El Texto de Textos nos revela en Deuteronomio 7:14, “bendito serás más que todos los pueblos; no habrá en ti varón ni hembra estéril, ni en tus ganados. 15 Y quitará el Creador de ti toda enfermedad; y todas las malas plagas de Egipto, que tú conoces, no las pondrá sobre ti, antes las pondrá sobre todos los que te aborrecieren. 16 Y consumirás a todos los pueblos que te da Jehová tu Creador; no los perdonará tu ojo, ni servirás a sus dioses, porque te será tropiezo”.

Se dice que una cosa son los llamados o los elegidos y otra los escogidos, categoría que para algunos estudiosos solo pueden tener los nacidos de padres Judíos. Sin embargo y más allá de toda esta clasificación y lo que ello nos pueda o no significar, lo importante para esta reflexión es entender que fue el mismo Creador incluso desde mucho antes de crearnos, quien nos eligió para llamarnos sus hijos y por lo tanto aún sin sabernos dignos de ello deberíamos agradecerle por tan inmerecido titulo.

Ahora e intentando explicarnos cuál puede ser la verdadera diferencia de estos dos conceptos, podemos asumir que el ser escogido implica, que siendo seleccionados entre otros hombres y sus descendientes, los judíos han sido direccionados al respecto de unos preceptos que se encuentran en la Torá y que deben seguir al pie de la letra para mantenerse dentro de esta categoría, mientras que nosotros los llamados o elegidos sin desconocer dichos Textos tenemos más cerca nuestra Salvación, gracias al acto de Jesucristo en la cruz por nosotros, quien expió nuestros pecados y con la guía del Espíritu Santo nos orienta para retornar al jardín del Edén.

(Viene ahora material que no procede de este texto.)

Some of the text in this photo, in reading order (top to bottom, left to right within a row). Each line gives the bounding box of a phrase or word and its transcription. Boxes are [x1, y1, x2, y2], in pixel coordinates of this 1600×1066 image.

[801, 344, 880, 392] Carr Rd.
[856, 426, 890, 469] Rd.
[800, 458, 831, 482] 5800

Y gracias a esa diferencia trascendental quienes creemos en Jesucristo podemos expresar con mucha simplicidad que el tema es de Fe y no de obras. Vale la pena entonces aclarar que el simple hecho de creer en Jesucristo transforma nuestras vidas. Y aunque se puede decir que hay personas que han aceptado a Jesucristo y no han cambiado para nada sus existencias, ello solo nos demuestra que no es un tema de verbalización sino de modelo de vida. Ya que Él con su pureza trasforma nuestras impurezas.

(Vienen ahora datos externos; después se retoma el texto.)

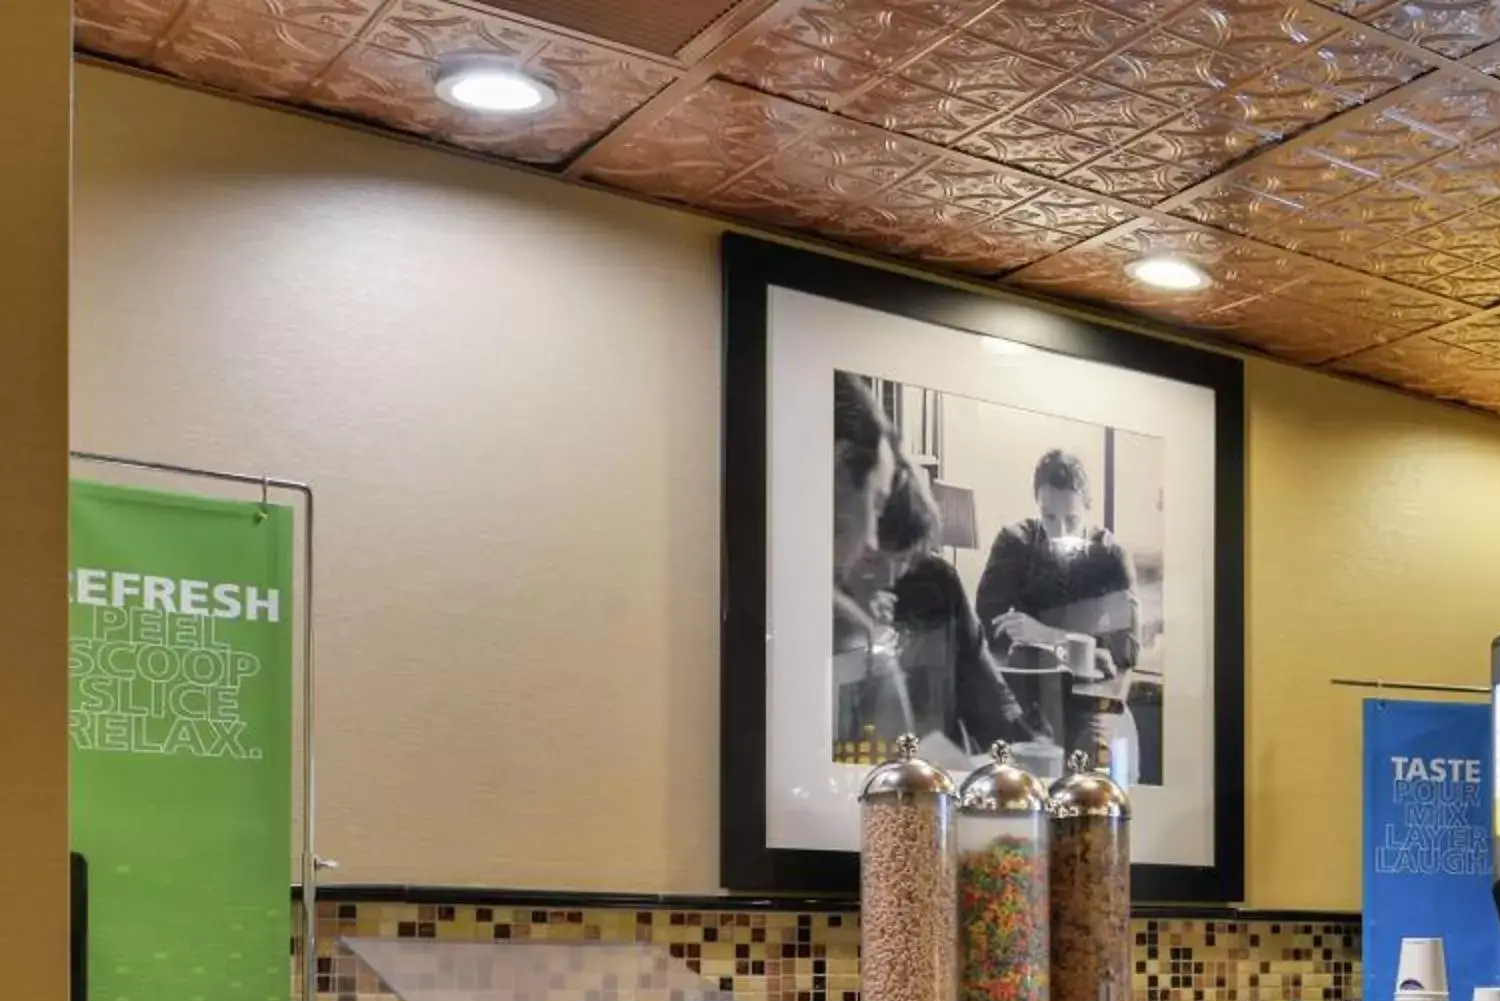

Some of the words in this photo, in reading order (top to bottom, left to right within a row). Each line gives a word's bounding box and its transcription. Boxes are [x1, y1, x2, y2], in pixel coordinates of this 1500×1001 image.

[68, 566, 280, 622] EFRESH
[93, 604, 229, 650] PEEL
[68, 637, 261, 688] SCOOP
[79, 675, 239, 721] SLICE
[68, 710, 263, 759] RELAX.
[1391, 756, 1481, 783] TASTE
[1393, 779, 1481, 806] POUR
[1403, 802, 1470, 828] MIX
[1385, 822, 1489, 857] LAYER
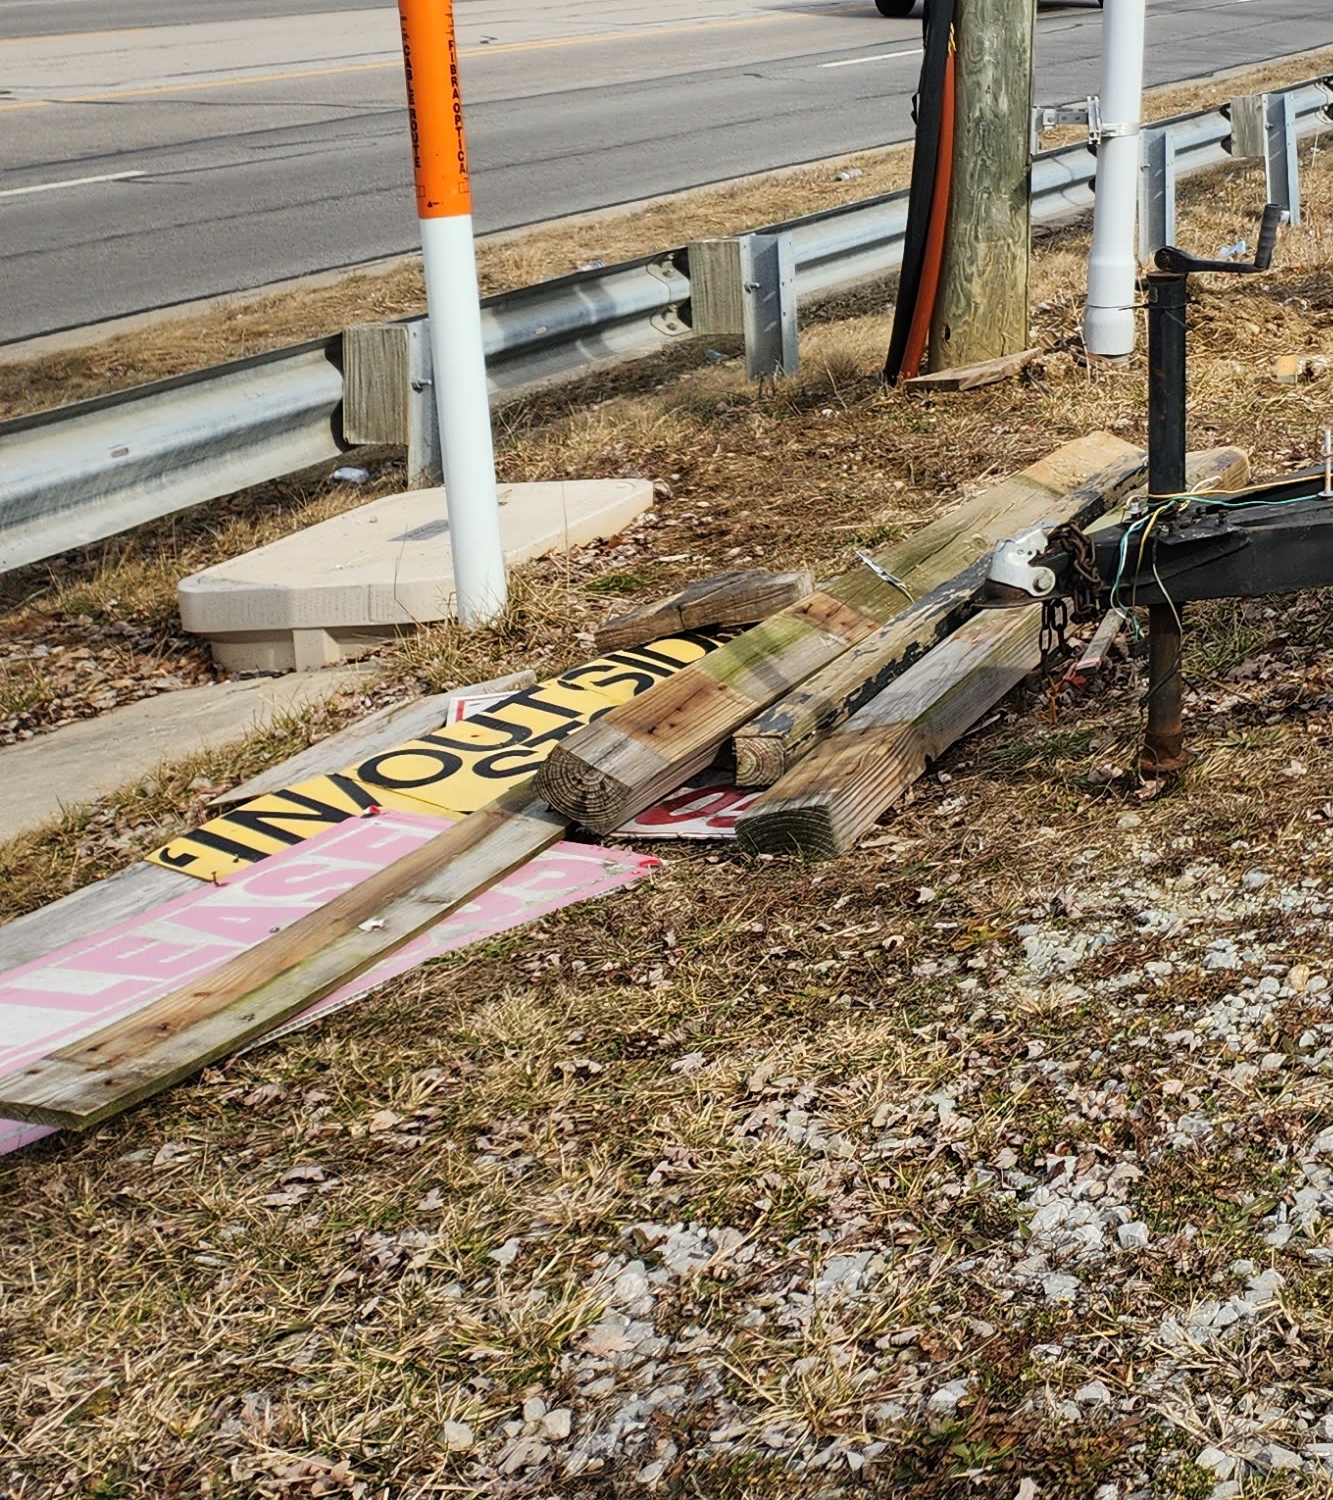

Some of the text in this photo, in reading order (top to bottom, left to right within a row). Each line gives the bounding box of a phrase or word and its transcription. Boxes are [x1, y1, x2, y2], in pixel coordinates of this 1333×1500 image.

[448, 39, 459, 99] FIBRA
[403, 45, 414, 106] CABLE
[410, 108, 421, 168] ROUTE
[453, 102, 466, 174] OPTICA

Es claro que quienes manipulan estos conceptos tanto, que prefieren pensar que la salvación y rescate de nuestros pecados se da por seguir exclusivamente unos mandatos, se quedarán con esa visión estrecha que al respecto tienen los Judíos, lo cual es válido más los creyentes tenemos otra visión en la cual reconocemos que voluntaria y humanamente no es imposible agradar al Creador por más perfectas que consideremos nuestras obras ya que es solo cuestión de Fe.

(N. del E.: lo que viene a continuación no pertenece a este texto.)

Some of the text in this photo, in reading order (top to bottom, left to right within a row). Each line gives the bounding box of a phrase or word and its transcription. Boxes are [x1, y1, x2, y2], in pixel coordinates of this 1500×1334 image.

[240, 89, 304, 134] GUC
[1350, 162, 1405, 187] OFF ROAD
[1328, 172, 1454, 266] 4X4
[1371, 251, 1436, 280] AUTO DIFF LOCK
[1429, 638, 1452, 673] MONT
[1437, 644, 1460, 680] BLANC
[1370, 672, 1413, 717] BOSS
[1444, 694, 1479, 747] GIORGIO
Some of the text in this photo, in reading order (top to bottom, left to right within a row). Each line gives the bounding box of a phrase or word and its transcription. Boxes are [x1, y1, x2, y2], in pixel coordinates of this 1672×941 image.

Lo que no desdice de esa pequeña minoría Judía que se ha mantenido en el seguimiento de esos mandatos pese al paso de las civilizaciones y las costumbres avasallantes también alcance los mismos resultados. Quizá por ello la historia de ese pueblo explica el por qué ellos han sido tan perseguidos y a la vez cómo el Creador les guía para demostrarles que son suyos. Se trata en todo caso que valoremos la enorme oportunidad que nos abrió Jesucristo con su acto de amor en la cruz para sabernos elegidos de retornar al lado de nuestro Padre.

El Texto de Textos nos revela en I de Juan 1:9, “si confesamos nuestros pecados, él es fiel y justo para perdonar nuestros pecados, y limpiarnos de toda maldad. 10 Si decimos que no hemos pecado, le hacemos a él mentiroso, y su palabra no está en nosotros”.

Oremos para saber que el Creador eligió escogernos también.